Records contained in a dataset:
=======
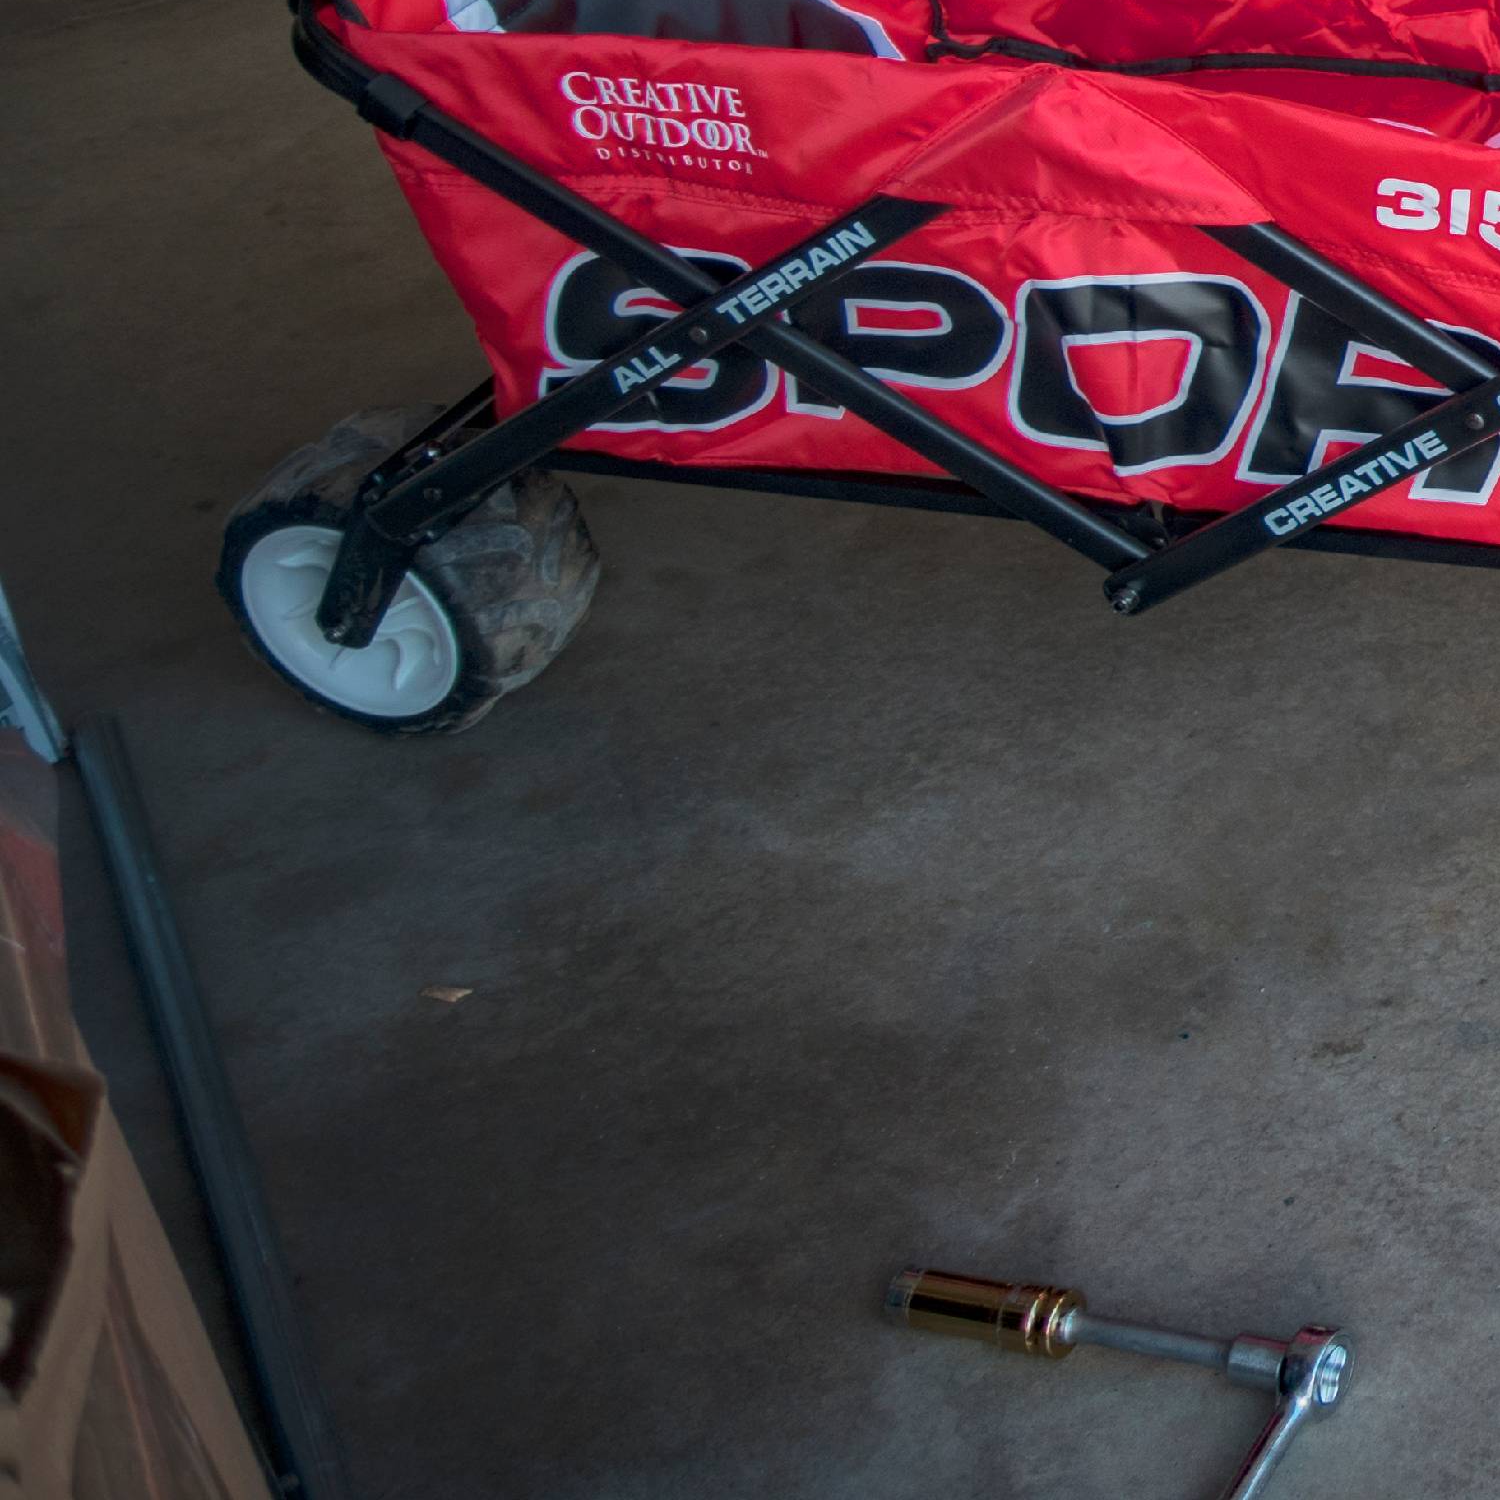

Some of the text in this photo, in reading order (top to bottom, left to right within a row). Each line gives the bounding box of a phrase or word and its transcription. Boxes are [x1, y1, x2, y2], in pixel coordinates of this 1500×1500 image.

[560, 70, 747, 118] CREATIVE
[573, 106, 758, 156] OUTDOOR
[611, 219, 881, 396] ALL TERRAIN
[1263, 429, 1450, 538] CREATIVE
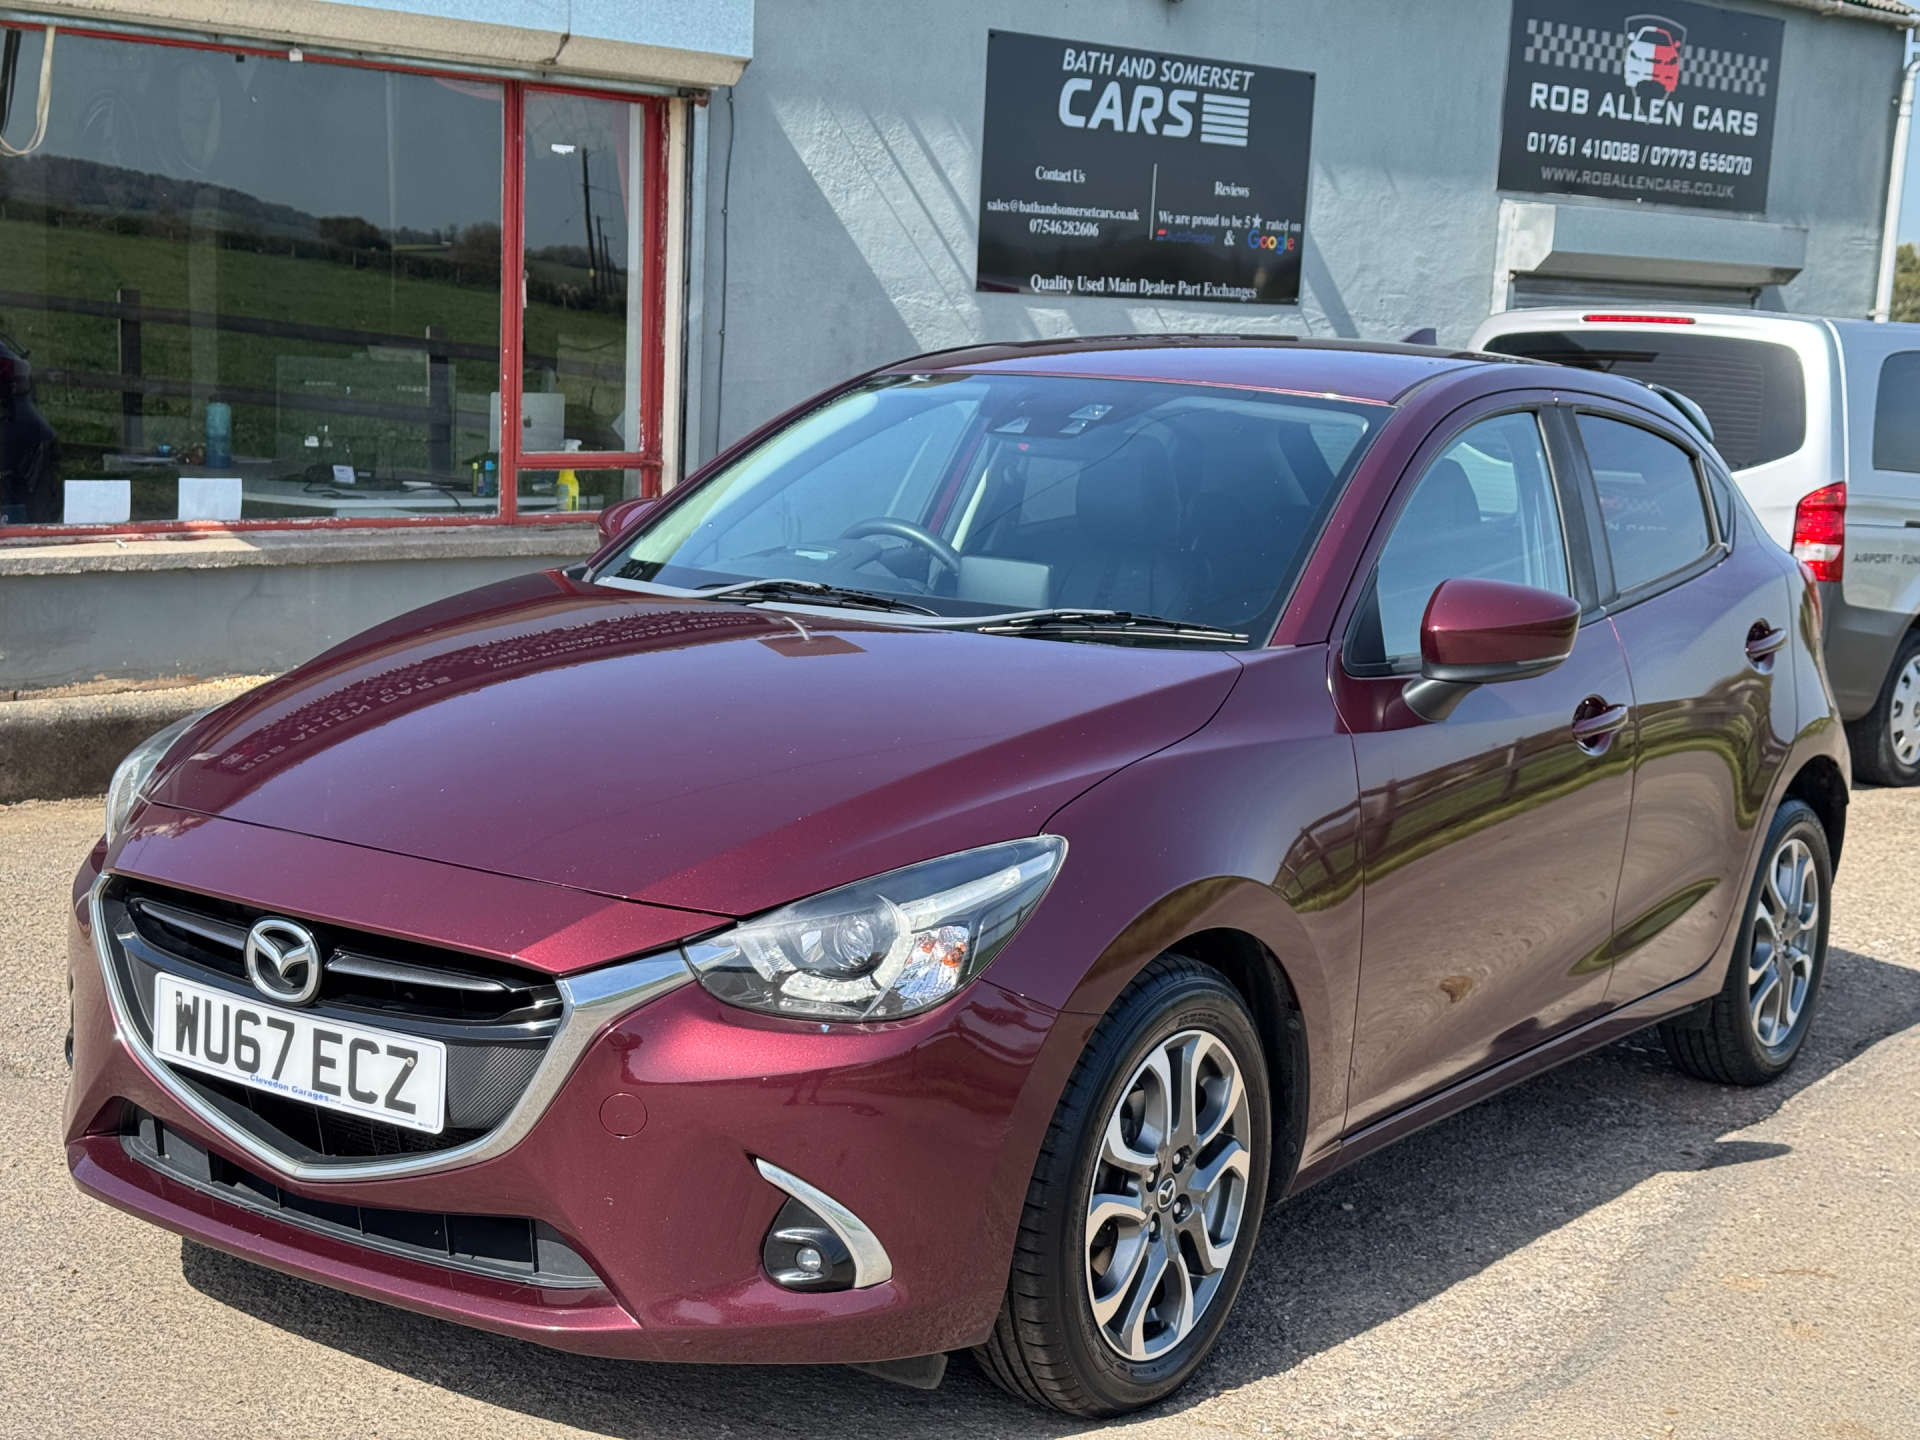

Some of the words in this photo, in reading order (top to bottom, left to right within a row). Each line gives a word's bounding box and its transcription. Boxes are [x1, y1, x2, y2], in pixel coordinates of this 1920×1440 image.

[1063, 48, 1114, 76] BATH
[1117, 56, 1156, 82] AND
[1160, 60, 1254, 92] SOMERSET
[1058, 77, 1198, 138] CARS
[1529, 82, 1590, 115] ROB
[1598, 92, 1685, 127] ALLEN
[1692, 105, 1759, 136] CARS
[1526, 132, 1576, 156] 01761
[1581, 137, 1640, 163] 410088
[1651, 146, 1696, 169] 07773
[1699, 152, 1753, 175] 656070
[1035, 166, 1072, 182] Contact
[1073, 169, 1086, 183] Us
[1540, 166, 1735, 198] WWW.ROBALLENCARS.CO.UK
[1214, 181, 1250, 198] Reviews
[1029, 218, 1099, 237] 07546282606
[1159, 210, 1174, 224] We
[1175, 214, 1190, 225] are
[1191, 214, 1219, 228] proud
[1221, 216, 1230, 226] to
[1231, 215, 1242, 227] be
[1266, 219, 1289, 231] rated
[1290, 222, 1302, 232] on
[1224, 229, 1236, 246] &
[1247, 228, 1295, 254] Google
[1030, 274, 1074, 294] Quality
[1077, 276, 1105, 292] Used
[1108, 276, 1136, 293] Main
[1139, 278, 1176, 295] Dealer
[1177, 280, 1201, 296] Part
[1203, 281, 1258, 301] Exchanges
[175, 990, 295, 1080] WU67
[312, 1028, 419, 1114] ECZ
[250, 1074, 289, 1092] Clevedon
[291, 1085, 329, 1102] Garages
=======
*Exercise goal:* This exercise calls for a verbatim output of the entries, pictures omitted.

*Reply to the task:*
Some of the text in this photo, in reading order (top to bottom, left to right within a row). Each line gives the bounding box of a phrase or word and its transcription. Boxes are [x1, y1, x2, y2], in pixel coordinates of this 1500×1500 image.

[560, 70, 747, 118] CREATIVE
[573, 106, 758, 156] OUTDOOR
[611, 219, 881, 396] ALL TERRAIN
[1263, 429, 1450, 538] CREATIVE

Some of the words in this photo, in reading order (top to bottom, left to right within a row). Each line gives a word's bounding box and its transcription. Boxes are [x1, y1, x2, y2], in pixel coordinates of this 1920×1440 image.

[1063, 48, 1114, 76] BATH
[1117, 56, 1156, 82] AND
[1160, 60, 1254, 92] SOMERSET
[1058, 77, 1198, 138] CARS
[1529, 82, 1590, 115] ROB
[1598, 92, 1685, 127] ALLEN
[1692, 105, 1759, 136] CARS
[1526, 132, 1576, 156] 01761
[1581, 137, 1640, 163] 410088
[1651, 146, 1696, 169] 07773
[1699, 152, 1753, 175] 656070
[1035, 166, 1072, 182] Contact
[1073, 169, 1086, 183] Us
[1540, 166, 1735, 198] WWW.ROBALLENCARS.CO.UK
[1214, 181, 1250, 198] Reviews
[1029, 218, 1099, 237] 07546282606
[1159, 210, 1174, 224] We
[1175, 214, 1190, 225] are
[1191, 214, 1219, 228] proud
[1221, 216, 1230, 226] to
[1231, 215, 1242, 227] be
[1266, 219, 1289, 231] rated
[1290, 222, 1302, 232] on
[1224, 229, 1236, 246] &
[1247, 228, 1295, 254] Google
[1030, 274, 1074, 294] Quality
[1077, 276, 1105, 292] Used
[1108, 276, 1136, 293] Main
[1139, 278, 1176, 295] Dealer
[1177, 280, 1201, 296] Part
[1203, 281, 1258, 301] Exchanges
[175, 990, 295, 1080] WU67
[312, 1028, 419, 1114] ECZ
[250, 1074, 289, 1092] Clevedon
[291, 1085, 329, 1102] Garages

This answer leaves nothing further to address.